Para além do custo financeiro de novas eleições despejado sobre um Estado em crise fiscal, – só o pleito de Tocantins tem orçamento estimado em R$ 15 milhões e as primeiras nove eleições suplementares em municípios mineiros deste ano R$ 570,8 mil – há o custo político e institucional. Com os desdobramentos dos resultados eleitorais que expressam a soberania do eleitor atropelada em situações diversas, – muitas vezes fúteis – cresce o desalento. Expressão desse sentimento de que “não adianta votar porque quem eu elejo não governa” se manifesta no aumento generalizado da abstenção e do encolhimento dos votos válidos nas eleições suplementares.

A tendência perversa se revela nas estatísticas. No pleito de 3 de junho, em Ipatinga, município de porte médio no Vale do Aço, – eleitorado é de 180.222 – a abstenção que havia sido de 20,93% nas eleições de 2016 saltou na suplementar para 31,71%. Ausentes das urnas, somados aos eleitores que votaram branco ou nulo alcançaram 47% do eleitorado de Ipatinga, contra 32,94% em 2016. Da mesma forma, no primeiro turno das eleições suplementares para governador de Tocantins, realizado também em 3 de junho, 30,14% deixaram de comparecer, contra 19,6% no pleito de 2014.
A quatro meses das eleições gerais, os votos válidos nesse pleito estadual ,representaram apenas 56,4% do colégio eleitoral do estado.

Os dois casos – em uma cidade e num estado – reafirmam o desalento do eleitor anotado na série de 113 pleitos suplementares realizados entre 2013 e 2018, analisados pelo cientista político Bruno Souza Garcia, em sua dissertação “Eleições Suplementares para Prefeito (2013-2015): do perfil socioeconômico dos municípios ao comportamento eleitoral e partidário”: em 93,8% das disputas, houve redução expressiva na participação de eleitores, com aumento da abstenção.

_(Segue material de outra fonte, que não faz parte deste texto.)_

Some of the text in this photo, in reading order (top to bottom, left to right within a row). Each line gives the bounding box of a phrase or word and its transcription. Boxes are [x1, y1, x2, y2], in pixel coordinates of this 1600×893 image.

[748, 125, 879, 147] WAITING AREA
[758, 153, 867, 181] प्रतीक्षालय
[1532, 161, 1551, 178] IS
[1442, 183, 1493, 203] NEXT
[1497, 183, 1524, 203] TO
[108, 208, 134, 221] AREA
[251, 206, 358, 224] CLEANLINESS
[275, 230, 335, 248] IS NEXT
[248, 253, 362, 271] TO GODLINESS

Qualidade - Por um lado o Ministério Público e a Justiça Eleitoral negam excessos em sua atuação e a justificam. “Nossas eleições ainda são disputadas num ambiente de ganhar a qualquer custo, compra de votos e abuso de poder. Precisamos melhorar a qualidade da eleição”, afirma o promotor de Justiça e coordenador da Coordenadoria Estadual de Apoio aos Promotores Eleitorais (Cael), Edson Resende de Castro. Mas por outro lado, embora cientistas políticos e juristas considerem a importância de mecanismos de controle que evitem abusos do poder econômico e político que de fato possam macular resultados eleitorais, criticam a falta de cuidado com provas, excessivo “punitivismo” para lidar com situações de impacto periférico sobre o resultado do pleito.

“Há um componente nesta questão que perpassa a crise que vivemos, um certo ânimo punitivista, um sentido de missão no combate à corrupção, que cria uma disposição de caça às bruxas, que claramente aponta para uma linha excessiva nesta direção, sem muito cuidado com as provas”, considera o professor emérito da UFMG, o cientista político Fábio Wanderley Reis.

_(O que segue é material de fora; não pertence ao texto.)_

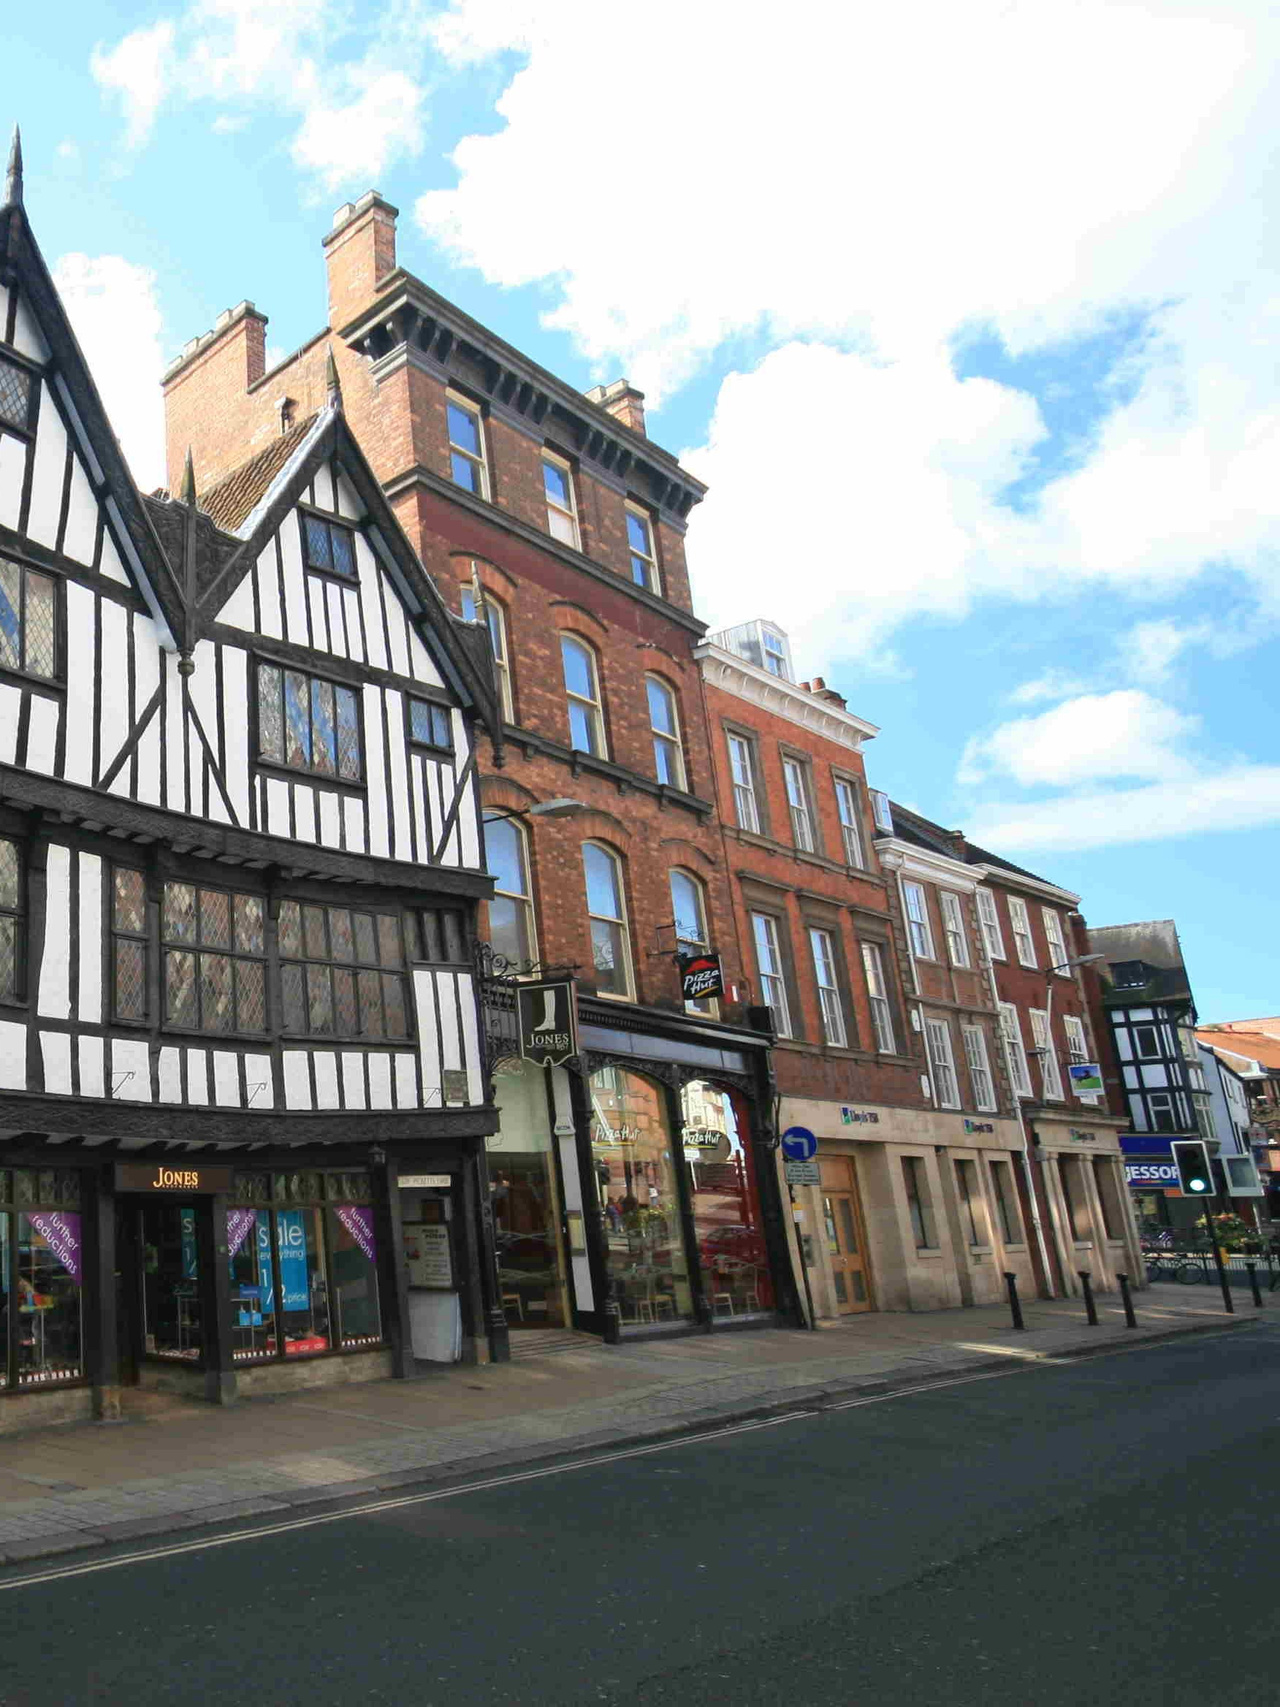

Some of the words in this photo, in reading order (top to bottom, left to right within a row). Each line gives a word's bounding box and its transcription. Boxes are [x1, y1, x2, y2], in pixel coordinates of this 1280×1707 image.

[684, 969, 720, 992] Pizza
[690, 978, 716, 995] Hut
[526, 1033, 569, 1049] JONES
[595, 1124, 621, 1141] Pizza
[621, 1123, 641, 1140] Hut
[682, 1129, 704, 1144] Pizza
[705, 1131, 722, 1144] Hut
[152, 1167, 199, 1187] JONES
[338, 1210, 373, 1259] reductions
[32, 1215, 78, 1275] reductions

Opinião semelhante manifesta o jurista João Batista de Oliveira, especialista em direito eleitoral, para quem há excesso dos tribunais em relação às denúncias por abuso de poder político e econômico. “Faltas, as mais insignificantes, transformam-se em causa de cassação e, em consequência, de inelegibilidade. Muitas vezes, provas testemunhais, mesmo que fornecidas por adversários políticos, dão sustentação aos processos de cassação”, afirma. “Estamos num ambiente contaminado. Em vez de o Judiciário promover a paz, com um julgamento equilibrado, há situações em que se exacerba, porque acredita assim atender a uma expectativa contrária aos políticos.
A racionalidade do direito é para evitar o linchamento”, afirma João Batista de Oliveira.

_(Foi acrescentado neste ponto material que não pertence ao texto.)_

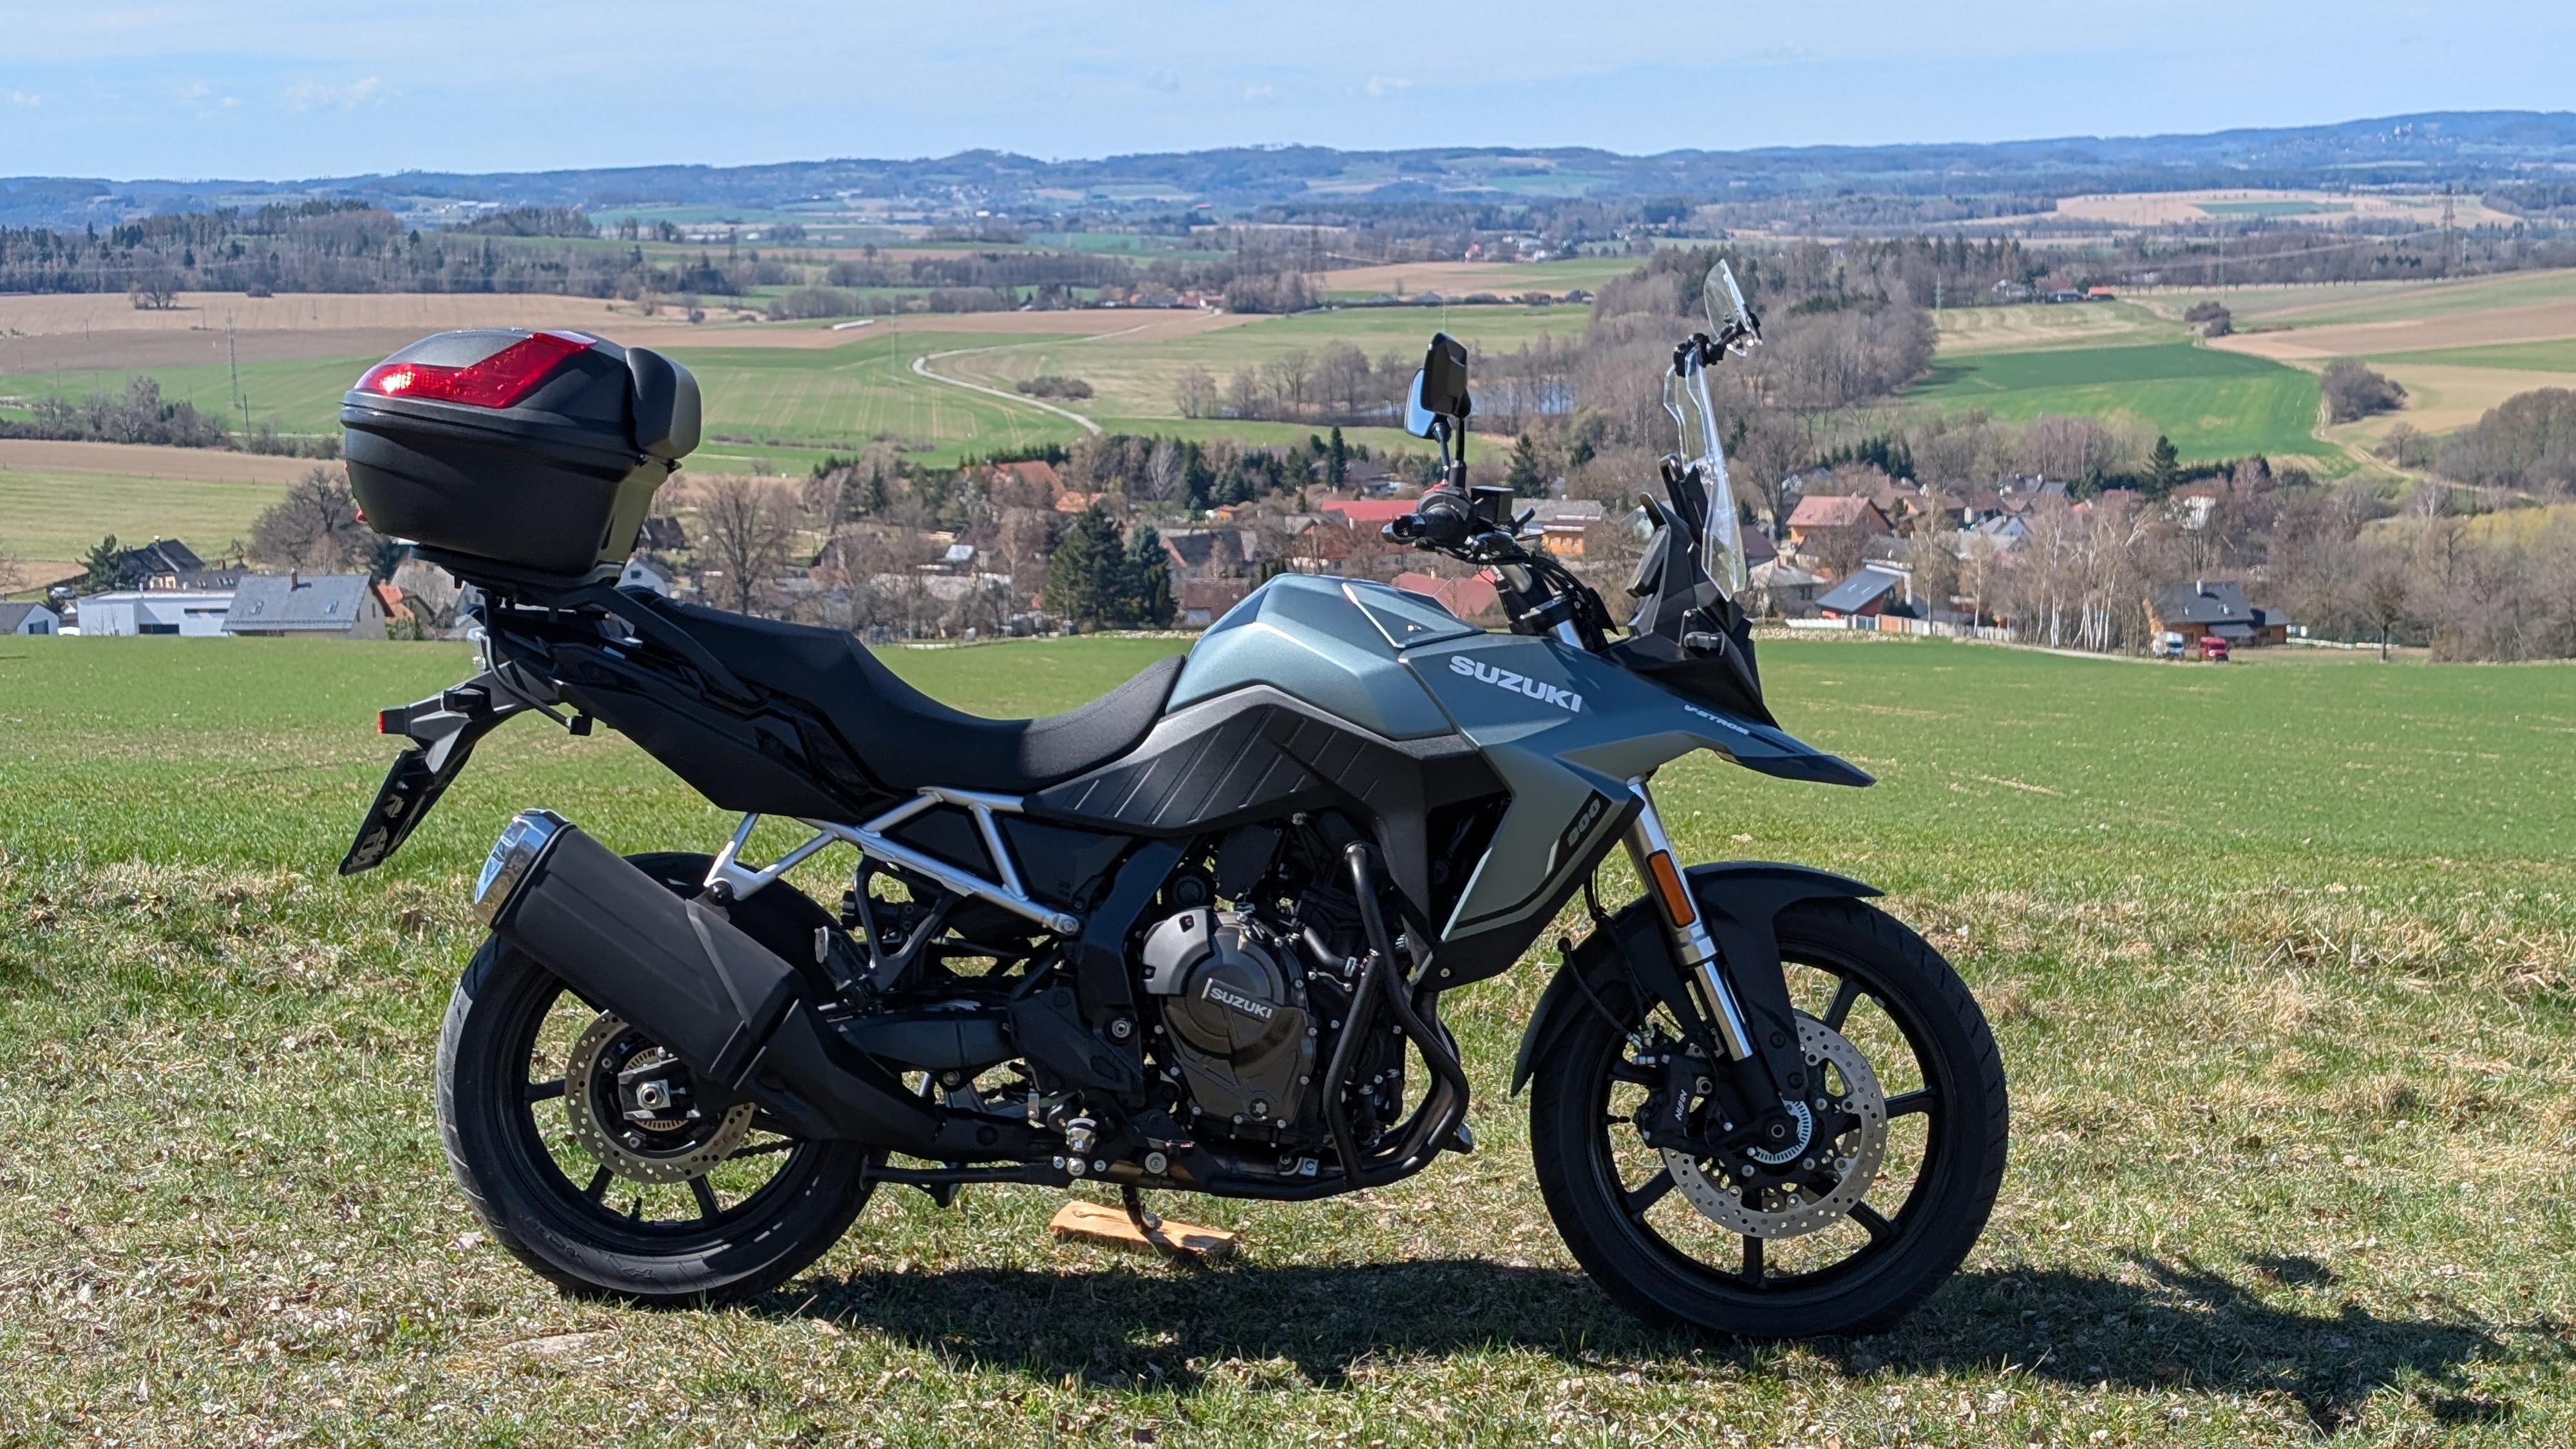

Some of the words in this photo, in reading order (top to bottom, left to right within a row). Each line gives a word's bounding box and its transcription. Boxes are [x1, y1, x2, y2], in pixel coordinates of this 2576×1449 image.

Prefeitos ganham, mas não governam

São várias as razões que têm varrido prefeitos eleitos e levado à novas eleições suplementares. Entre elas estão alegações de abuso do poder econômico e político, como compra de votos. Mas é principalmente o indeferimento do registro de candidaturas após as eleições – os candidatos concorrem sub judice –, a principal causa de cassações de prefeitos. Muitas delas, não raro, consequência justamente das condenações por abuso de poder econômico e político. Segundo dados do Tribunal Regional Eleitoral de Minas Gerais, considerando as 19 eleições suplementares realizadas em Minas a partir de 2016, 84% delas se devem ao fato de os candidatos terem tido o registro negado de forma definitiva após o pleito.

Nesse quesito particular da elegibilidade, o Poder Judiciário voltou a “inovar” este ano. O Supremo Tribunal Federal (STF) entendeu em março, que a inelegibilidade pelo período de oito anos, prevista pela Lei Ficha Limpa de 2010, aplicada aos políticos condenados por abuso de poder político e econômico,  deva retroceder antes mesmo de a norma ter entrado  em vigor. 

Sancionada em 4 de junho de 2010, a Lei da Ficha Limpa (Lei Complementar 135, de 2010) foi aplicada pela primeira vez em 2012. Ela modificou a Lei das Condições de Inelegibilidade (Lei Complementar de 64/90), que estabelecia três anos de inelegibilidade para condenações de abuso de poder político e econômico.

Na prática, a decisão do STF fez com que prefeitos eleitos em 2016 – como Sebastião Quintão (MDB), em Ipatinga e Geraldo Hilário (PP), em Timóteo – fossem cassados quase dois anos depois de eleitos, porque condenados pela Justiça Eleitoral por abuso de poder político ou econômico em 2008.

Embora tenham cumprido à época a sanção de três anos de inelegibilidade, conforme previa a legislação em vigor. Andando em círculos, o entendimento do STF obrigou a novas eleições em cidades onde os próprios prefeitos cassados já estariam aptos a concorrer novamente se desejassem.
“O STF fez interpretação em desfavor do indivíduo, o que provoca uma insegurança eleitoral. Isso está no bojo do comportamento autoritário do Poder Judiciário em matéria de caráter punitivo”, considera o jurista João Batista de Oliveira.

Em crítica às excessivas condenações da Justiça Eleitoral pelo que se considera abuso de poder econômico e político, João Batista de Oliveira assinala, em defesa de provas materiais: “Receber uma denúncia não é um mero despacho. Tem de analisar se há elementos que indicam fato criminoso”.  Segundo ele, no caso eleitoral tem sido dado grande valor à prova testemunhal como decisiva para condenação. “Além disso se dá relevância a pequenos fatos que não têm condição de macular a decisão do povo. Às vezes um candidato em reunião com os eleitores serve um café e já acham que é abuso de poder, ao ponto de cassar o mandato”, acrescenta.